El astrónomo de la Universidad de Virginia Ed Murphy ha acudido esta noche de forma excepcional al observatorio, cerrado al público por culpa de la pandemia de coronavirus. La danza de la dinámica orbital hace que Marte luzca más grande y más brillante en el firmamento, y Murphy ha calculado que no habrá mejor momento para admirarlo desde el centro de Virginia, donde no es raro que las turbulencias atmosféricas compliquen la observación nocturna.
Murphy sube por una escala y se acomoda en la plataforma de observación, una especie de andamio de madera construido en 1885, y orienta el telescopio gigante hacia el punto de luz anaranjada. Ajusta una ruedecilla y enfoca el planeta. «Si esperas a esos escasos momentos en que la atmósfera se calma, ves Marte perfectamente, nítido y preciso, hasta que vuelve a emborronarse», me dice.
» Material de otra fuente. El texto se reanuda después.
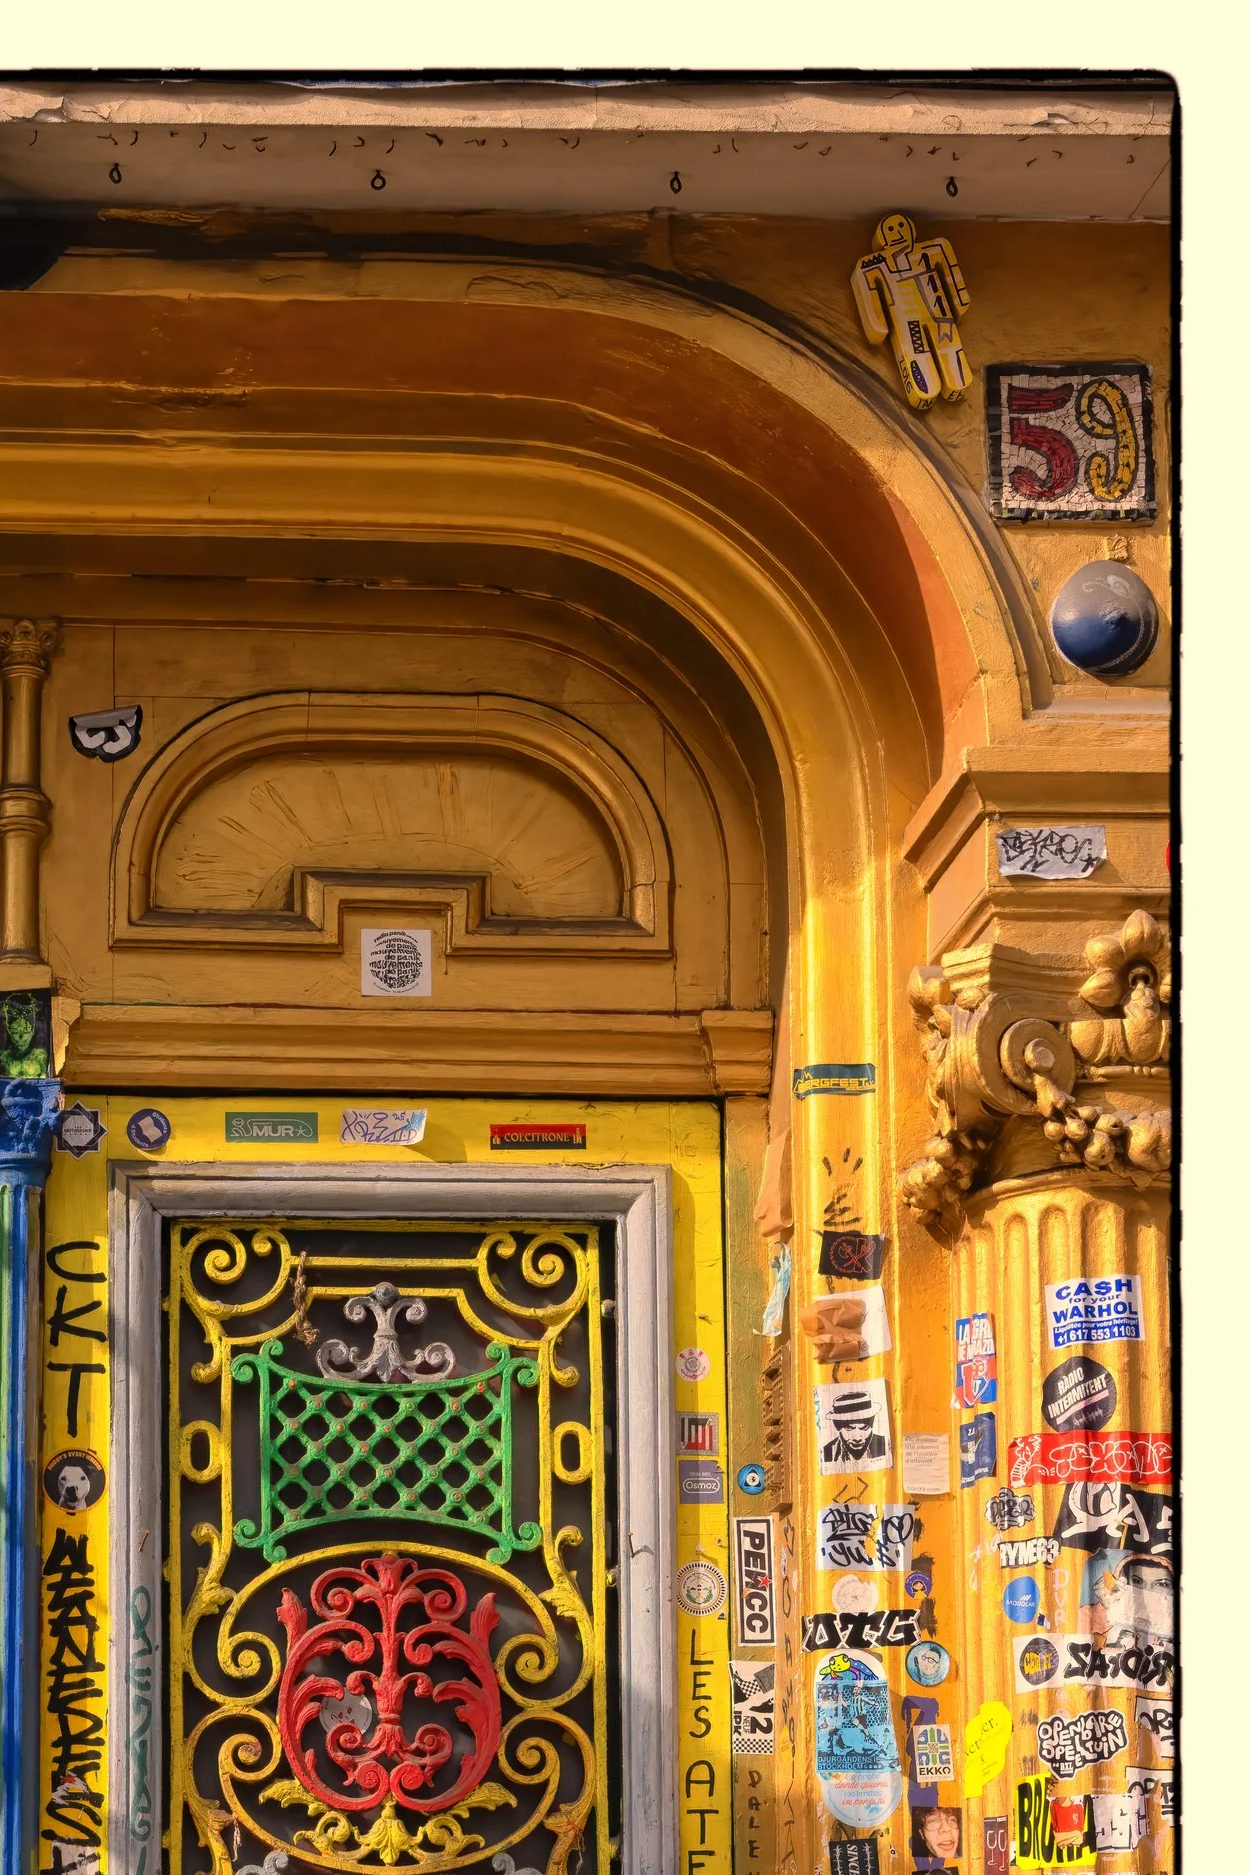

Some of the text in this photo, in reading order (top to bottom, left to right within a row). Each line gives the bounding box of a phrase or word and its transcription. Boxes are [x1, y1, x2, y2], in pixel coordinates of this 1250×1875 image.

[1006, 379, 1138, 501] 59
[505, 1132, 571, 1144] COLCITRONE
[1091, 1294, 1121, 1304] your
[1053, 1301, 1138, 1324] WARHOL
[1070, 1329, 1088, 1341] 617
[1091, 1328, 1110, 1340] 553
[1113, 1326, 1136, 1337] 1103
[685, 1479, 718, 1492] Osmoz
[689, 1629, 713, 1739] LES
[919, 1767, 951, 1776] EKKO
[846, 1844, 859, 1875] SINCE
Intercambiamos posiciones. A través del telescopio, Marte es una esfera invertida de color melocotón que constantemente se difumina y vuelve a definirse. Con vacilación, bosquejo sus rasgos sombríos durante los fugaces instantes en que se aprecia con nitidez, haciendo todo lo posible por ponerme en la piel de los estudiosos decimonónicos que un día dibujaron sus paisajes, más de uno fervientemente convencido de que en su faz figuraban las marcas de una civilización avanzada.
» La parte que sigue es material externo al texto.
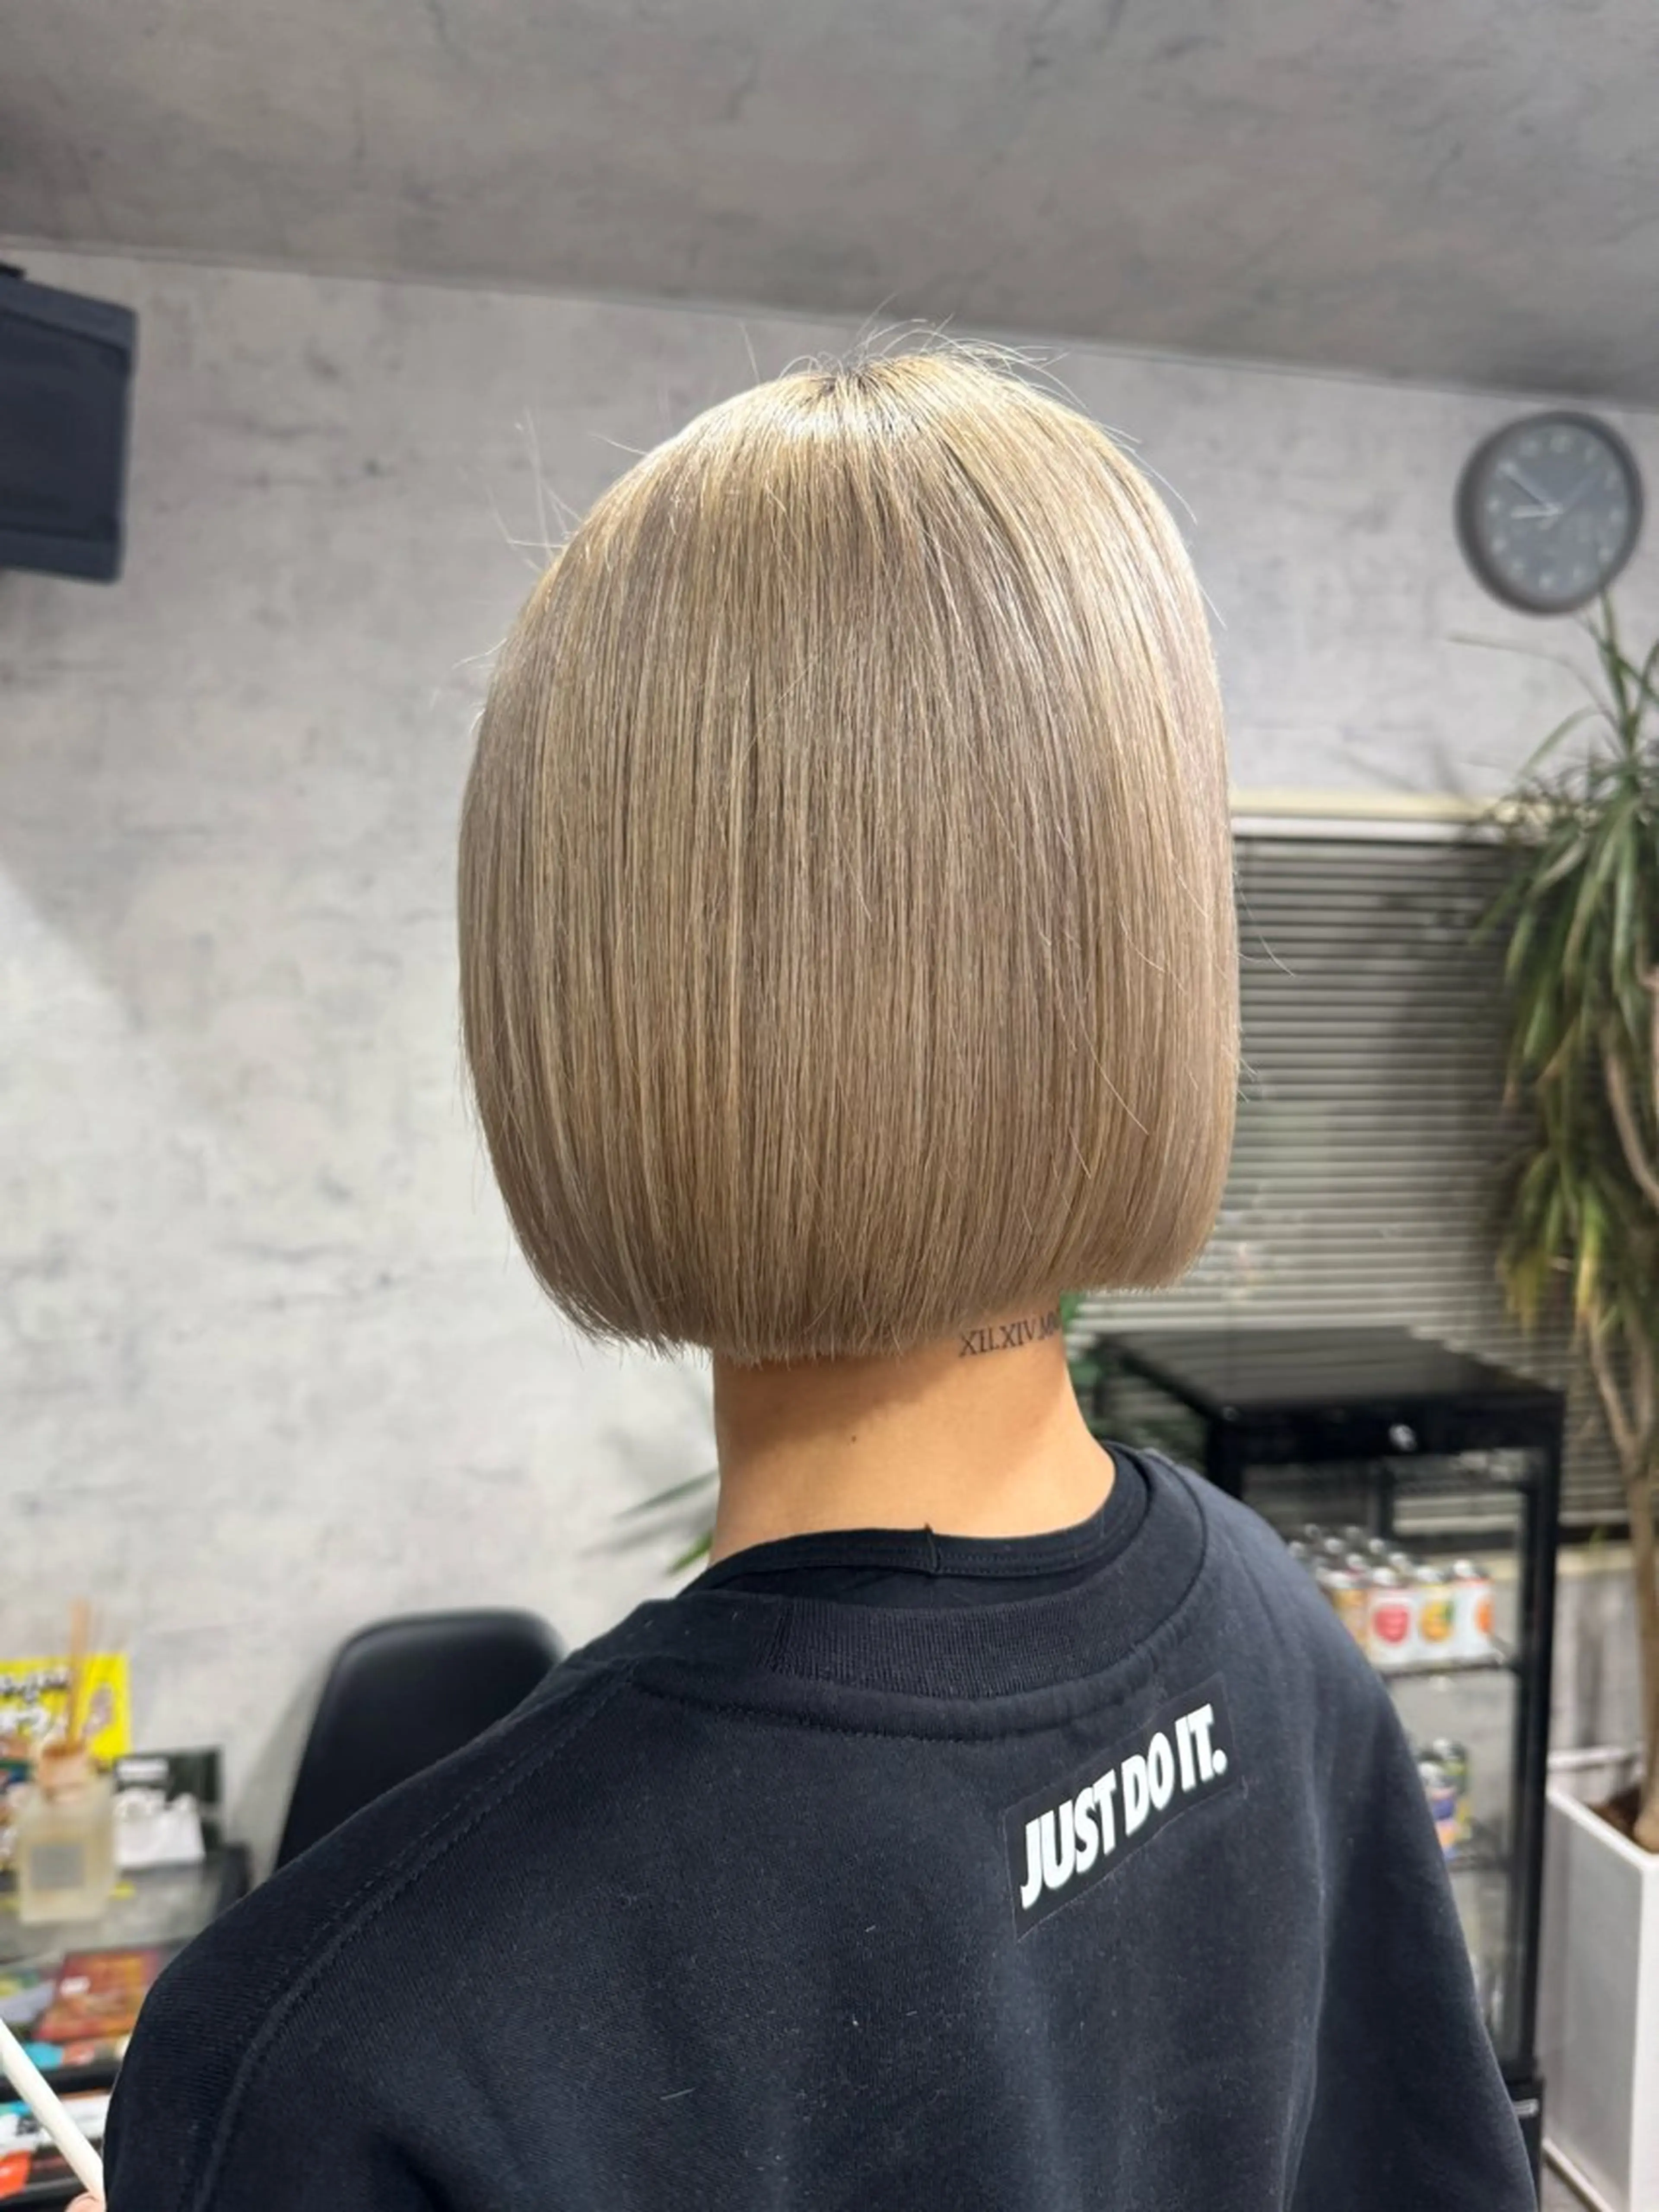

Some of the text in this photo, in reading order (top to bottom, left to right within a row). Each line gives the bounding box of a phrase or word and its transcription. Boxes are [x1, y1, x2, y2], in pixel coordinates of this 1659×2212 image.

[1020, 1703, 1227, 1909] JUST DO IT.
Hoy sabemos que no hay tales cicatrices de ingeniería surcando la superficie bermellón del planeta. Pero eso en realidad no importa. Porque el interés de los humanos por Marte es atemporal. Durante milenios intentamos atribuirle sentido identificándolo con nuestras deidades, representando sus evoluciones y dibujando su faz. Marte está presente en nuestro arte, en nuestra música, en nuestra literatura, en nuestro cine. Desde los inicios de la era espacial, hemos catapultado hacia él más de 50 artefactos, maravillas de la ingeniería en las que nos hemos gastado cifras milmillonarias. Muchos, sobre todo los primeros, acabaron mal. Pero nuestra martemanía sigue ahí.
La noche que me encuentro con Murphy, hay ocho naves espaciales orbitando Marte o explorando su superficie cubierta de polvo. Está previsto que este mes de febrero, mientras este artículo se esté imprimiendo, otros tres emisarios robóticos contacten con el planeta rojo, entre ellos el Perseverance, un vehículo explorador (o rover) insignia de la NASA que buscará señales de vida, y dos misiones que pueden hacer historia, una china y otra lanzada por la Unión de Emiratos Árabes.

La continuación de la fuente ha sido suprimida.